Der FSV 63 Luckenwalde hat heute am 10. Spieltag der Regionalliga Nordost einen dramatischen Heimsieg gefeiert. Vor 1431 Zuschauern im Werner-Seelenbinder-Stadion erzielte Lucas Will in der Nachspielzeit den entscheidenden Treffer zum 1:0 gegen die BSG Chemie Leipzig. Geschäftsführer Sport Hendrik Brösel sprach anschließend von einem „unfassbar umjubelten Lucky Punch“ in einem zähen, kampfbetonten Duell. Mit nun 18 Punkten aus zehn Spielen steht Luckenwalde auf einem hervorragenden sechsten Platz.
Spannung bis in die Nachspielzeit
Lange Zeit sah alles nach einem torlosen Unentschieden aus. „Insgesamt war es eine zähe Partie. Beiden Mannschaften ist mit Ball nicht wirklich viel gelungen, es war dann ein ganz schöner Abnutzungskampf“, analysierte Hendrik Brösel. Tatsächlich neutralisierten sich beide Teams über weite Strecken. Großchancen blieben Mangelware, auch wenn Luckenwalde mit zunehmender Spielzeit mehr investierte. Am Ende reichte ein Moment in der Nachspielzeit, als Lucas Will in der 90.+2 Minute zur Stelle war und den Lucky Punch setzte.
Bitterer Abend für Chemie Leipzig
Für die Gäste aus Leipzig war es ein bitterer Nachmittag. Mit nur vier Punkten bleibt die Mannschaft von Trainer Adrian Alipour Tabellen-17. und steckt tief im Abstiegskampf. Torhüter Florian Horenburg und seine Vorderleute hielten lange dicht, doch am Ende kippte die Partie. „Ich glaube, alle haben schon mit 0:0 gerechnet“, sagte Brösel. „Und von daher, ist es, glaube ich, trotzdem auch verdient oder unverdient. Interessiert uns ehrlich gesagt nicht.“
Abnutzungskampf mit Happy End
Für Luckenwalde war es ein Sieg der Moral. „Wir haben dann hinten raus sehr viel investiert, hatten insgesamt die besseren Möglichkeiten als Chemie, aber jetzt auch keine zwingenden Großchancen“, erklärte Brösel. Es war das vielzitierte Spiel, das über Kampf und Einsatz entschieden wurde.

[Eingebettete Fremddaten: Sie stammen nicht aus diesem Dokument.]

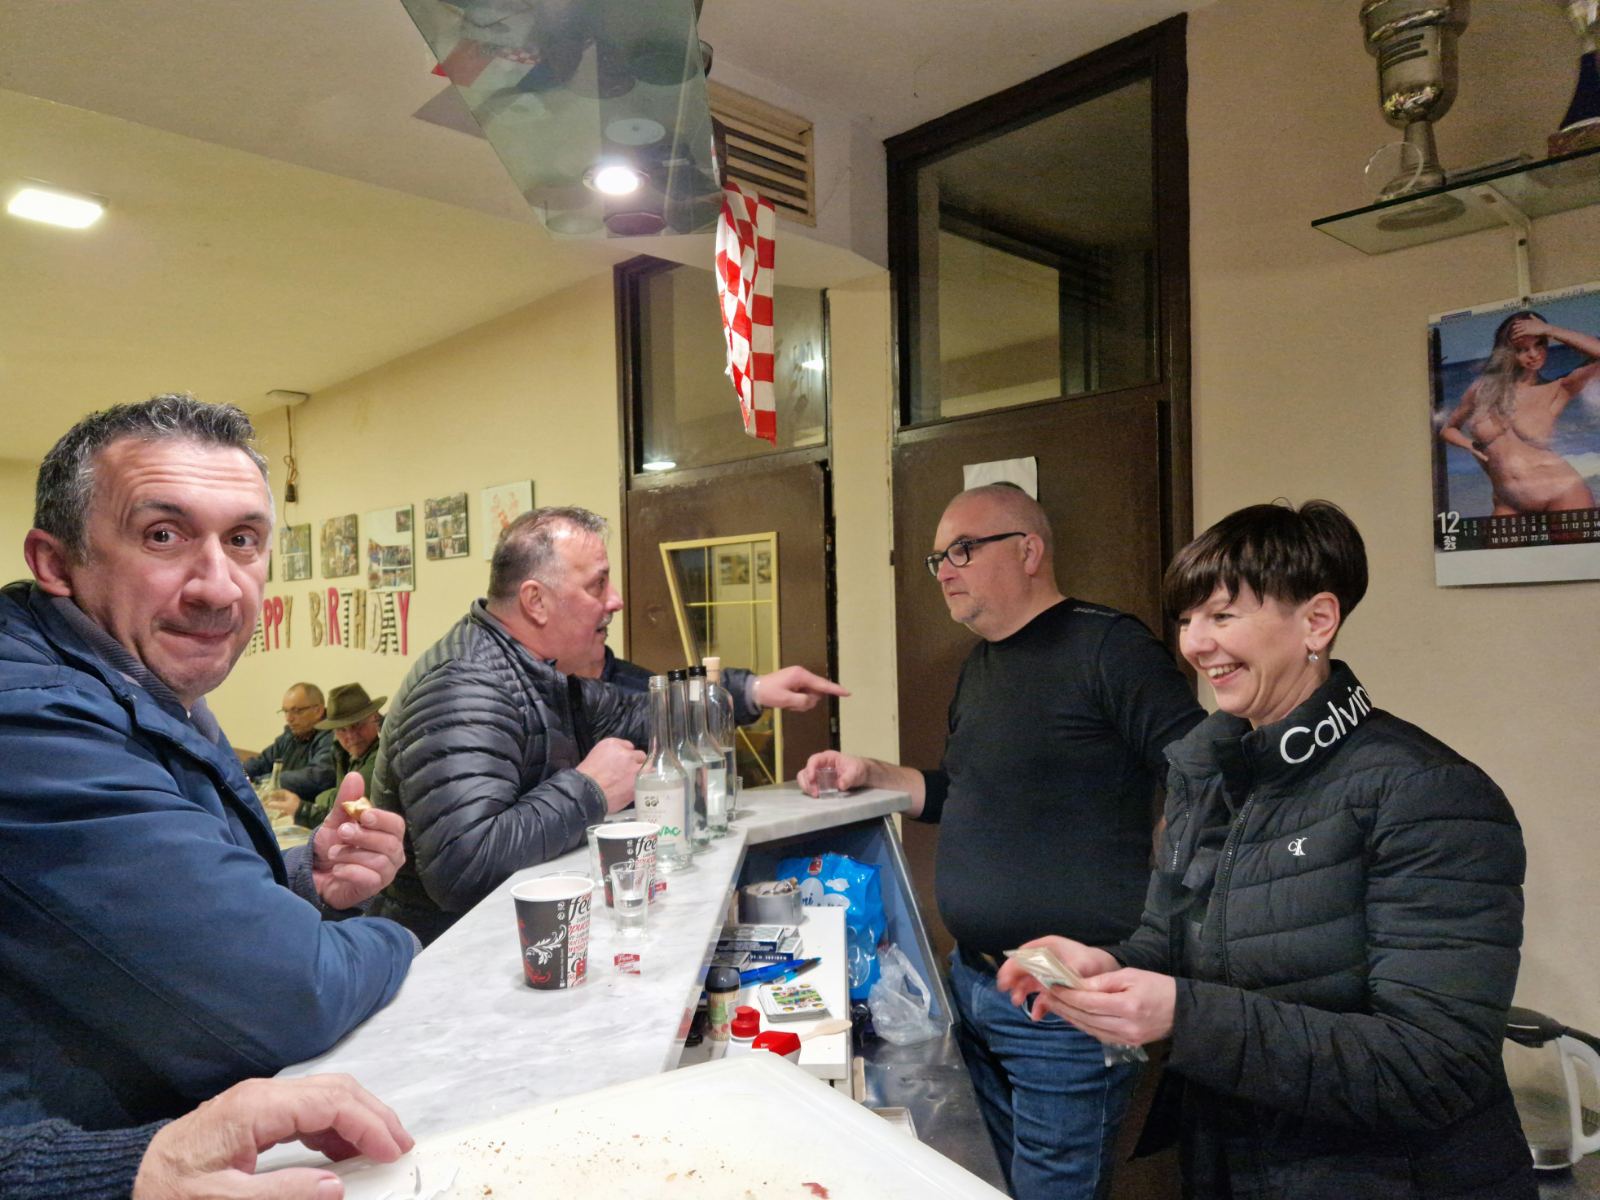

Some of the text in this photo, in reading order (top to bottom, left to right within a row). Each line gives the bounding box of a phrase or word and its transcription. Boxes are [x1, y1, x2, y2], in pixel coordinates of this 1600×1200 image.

Mit Leidenschaft, Geduld und einer geschlossenen Mannschaftsleistung gelang es, die drei Punkte doch noch im „Seele“ zu behalten.
Die Bedeutung für die Tabelle
Mit diesem späten Sieg klettert der FSV 63 Luckenwalde auf 18 Punkte und rangiert nun auf dem sechsten Tabellenplatz. Das Polster auf die Abstiegsränge ist deutlich angewachsen. Für Luckenwalde bedeutet der Sieg: Statt Druck von unten zu spüren, kann man nun mit Selbstvertrauen auf die kommenden Aufgaben blicken.
Stimmen aus dem Verein
Hendrik Brösel fasste die Emotionen nach dem Schlusspfiff zusammen: „Es war ein Last Minute-Sieg, natürlich hier unfassbar umjubelt in der Nachspielzeit. Ein Lucky Punch in so einem wichtigen Spiel gegen den Konkurrenten von unten und wir freuen uns natürlich extrem, dass wir hier hinten heraus auch den Heimsieg behalten konnten.“ Seine Worte unterstrichen, wie wichtig dieser Moment für Mannschaft, Verein und Fans war.
Ausblick auf das nächste Spiel
Für Luckenwalde geht es am Sonntag, 5. Oktober, mit einem weiteren Heimspiel weiter. Gegner ist dann der FC Carl Zeiss Jena, der aktuell mit 19 Punkten aus neun Spielen auf Platz drei der Tabelle steht. Nach dem emotionalen Last-Minute-Erfolg gegen Chemie will das Team von Trainer Michael Braune auch gegen einen Aufstiegsaspiranten bestehen. Der Schwung aus dem Heimsieg soll genutzt werden, um auch gegen einen Topgegner etwas Zählbares mitzunehmen.